Lorsque Handler est revenue à Los Angeles plus tard cet été-là, elle a montré Lilli à l'équipe de Mattel et a finalement réussi à convaincre ses collègues du marché pour une telle poupée. L'entreprise de jouets a finalement conclu un accord de fabrication avec une entreprise japonaise, où la production était moins chère.
Handler a peaufiné le look de Lilli. Ses sourcils incurvés ont été remplacés par des arcs dramatiques et ses lèvres ont été adoucies. Handler a également donné à Barbie de minuscules orteils individuels, contrairement à Lilli, dont les jambes se sont simplement transformées en chaussures. Le plastique dur de Lilli a été remplacé par un matériau plus doux, les cheveux de Barbie ont été enracinés et elle a été rendue moins "tout en courbes", a écrit Handler.

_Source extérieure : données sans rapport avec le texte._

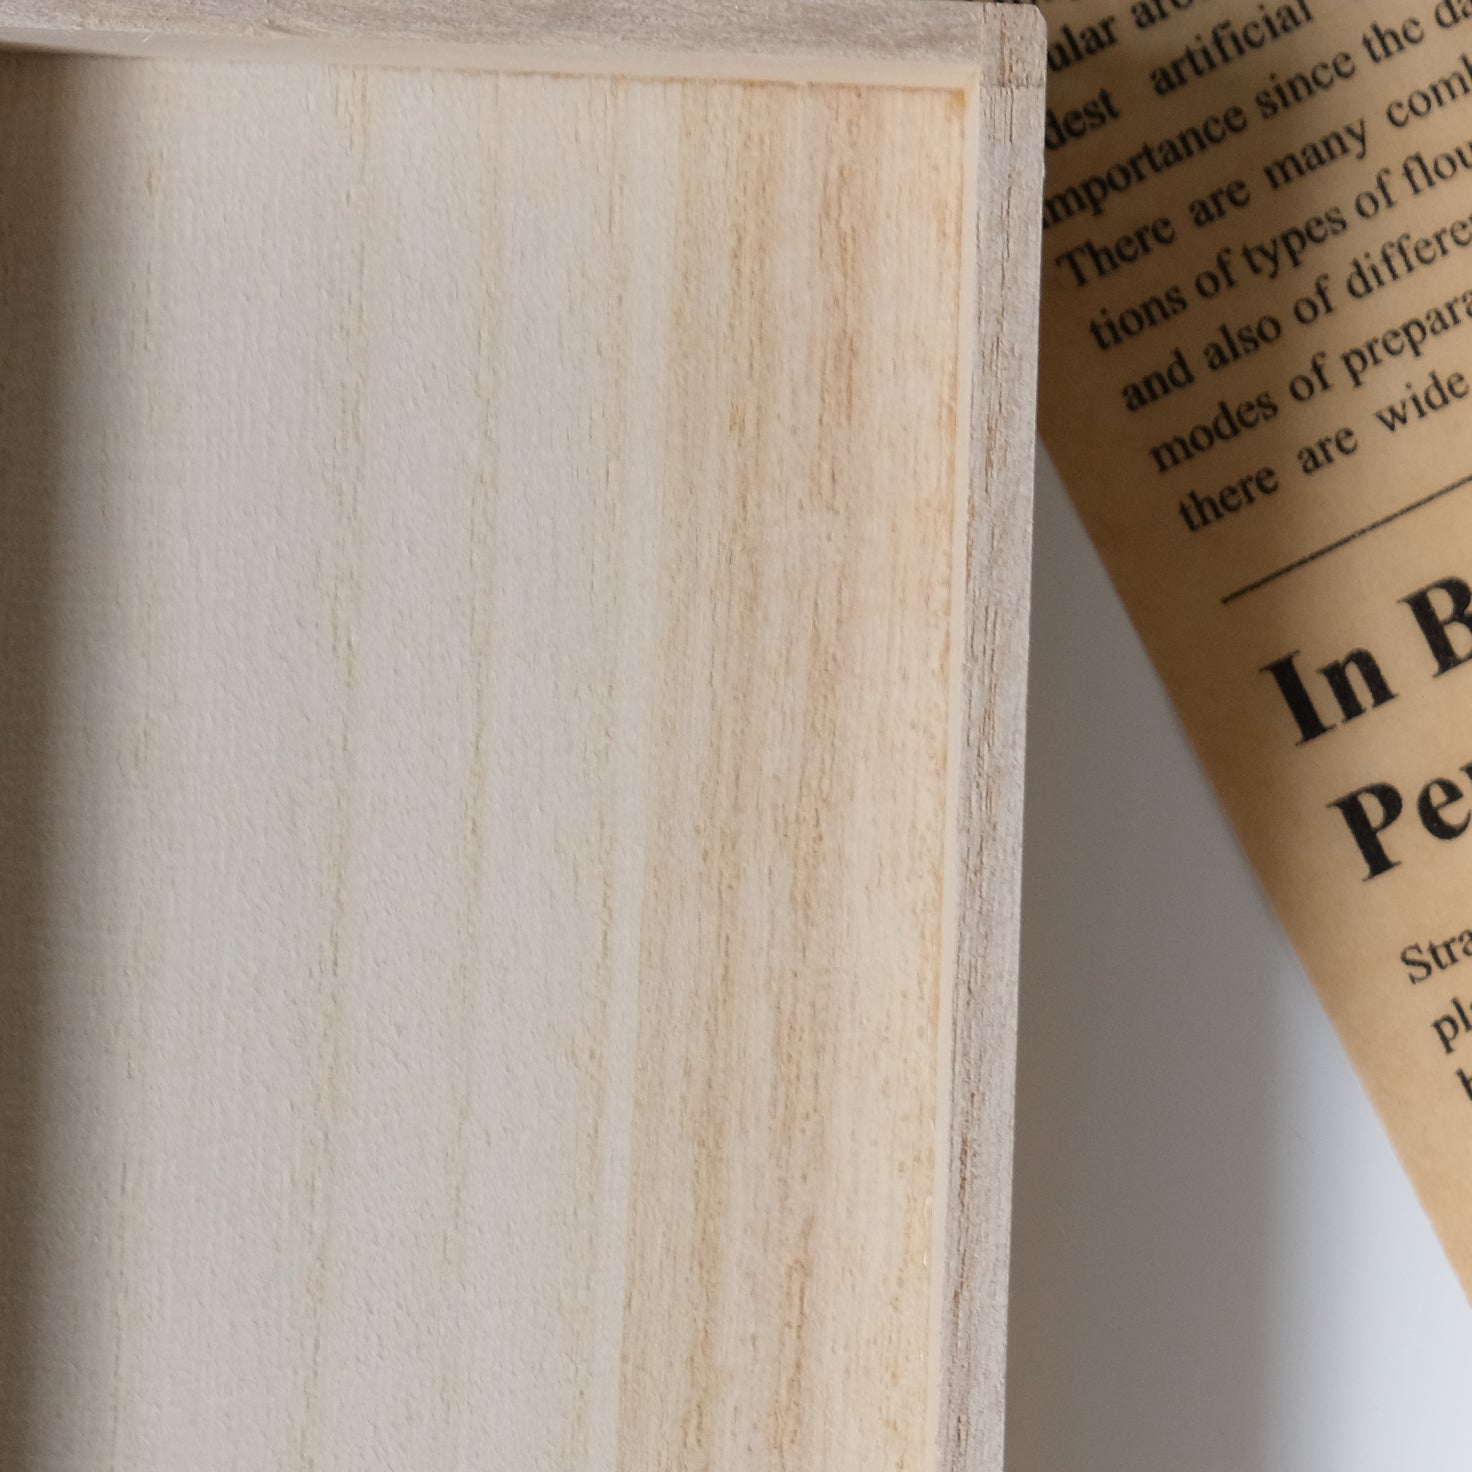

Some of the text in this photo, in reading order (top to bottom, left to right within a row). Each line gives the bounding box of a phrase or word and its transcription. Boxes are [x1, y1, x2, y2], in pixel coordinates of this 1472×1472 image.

[1043, 105, 1247, 230] mportance
[1255, 51, 1355, 119] since
[1361, 17, 1424, 64] the
[1150, 0, 1313, 97] artificial
[1055, 217, 1175, 287] There
[1188, 180, 1250, 227] are
[1264, 118, 1367, 190] many
[1089, 285, 1188, 351] tions
[1195, 247, 1237, 298] of
[1241, 206, 1347, 280] types
[1354, 167, 1397, 219] of
[1121, 346, 1195, 412] and
[1203, 315, 1281, 371] also
[1293, 273, 1334, 324] of
[1150, 391, 1278, 473] modes
[1289, 351, 1333, 402] of
[1178, 466, 1279, 532] there
[1297, 427, 1358, 474] are
[1375, 370, 1470, 432] wide
[1259, 647, 1398, 747] In

Mais Barbie avait toujours la haute queue de cheval blonde, le nez délicat et les yeux ailés de Lilli. "En fin de compte, Lilli et sa nouvelle sœur étaient à peine reconnaissables, sauf pour le créateur de la nouvelle poupée", a écrit Gerber.
"La vérité secrète que Mattel espérait dissimuler était que Barbie n'était qu'une métamorphose de la poupée allemande Lilli", a écrit Orly Lobel dans son livre de 2017 "You Don't Own Me: The Court Battles That Exposed Barbie's Dark Side". L'entreprise n'a pas cessé de se demander si copier Lilli était légal, a écrit Lobel.
"Lorsqu'il a conçu et lancé Barbie en 1959, Mattel n'a ni offert de redevances G&H ni demandé l'autorisation d'utiliser son design", a écrit Lobel.
Mais les créateurs de Lilli, pour leur part, ont remarqué les similitudes entre les poupées. En 1960, Greiner & Hausser, le successeur du fabricant original de la poupée, a déposé un brevet américain pour le « joint de hanche de poupée » utilisé à Lilli et a concédé en exclusivité les droits à Louis Marx, un fabricant de jouets basé à New York, pendant 10 ans. L'année suivante, Greiner & Hausser et Marx ont poursuivi Mattel, alléguant qu'il avait enfreint le droit d'auteur et n'avait "que très légèrement" modifié Lilli pour faire Barbie, a écrit Lobel.
Mattel a nié que Barbie était un imitateur de Lilli, et le procès a finalement été réglé, selon Gerber.
En 1964, Mattel a acheté les droits d'auteur et les droits de brevet de Bild-Lilli de Greiner & Hausser et a retiré la poupée de la production. À ce moment-là, environ 130 000 poupées avaient été fabriquées.
Ce n'était pas la fin de la bataille juridique entre Mattel et Greiner & Hausser. Au début des années 2000, Greiner & Hausser, longtemps en faillite, a été relancé pour intenter une action en justice accusant Mattel de fraude liée aux accords de 1964. La société a allégué qu'elle avait été incitée à accepter une redevance forfaitaire pour les licences sur la base des fausses déclarations de Mattel sur le nombre de poupées Barbie qu'elle vendait et qu'elle aurait insisté sur une redevance par poupée si elle avait connu le volume réel des ventes, par Lobel. .
En guise de réparation, Greiner & Hausser a demandé l'annulation des droits d'auteur et des droits de brevet et a demandé des dommages-intérêts basés sur une redevance appropriée pour chaque poupée Barbie vendue par Mattel depuis 1964. Le tribunal a rejeté le procès, selon Lobel.
Divulgation : Axel Springer est la société mère de Business Insider.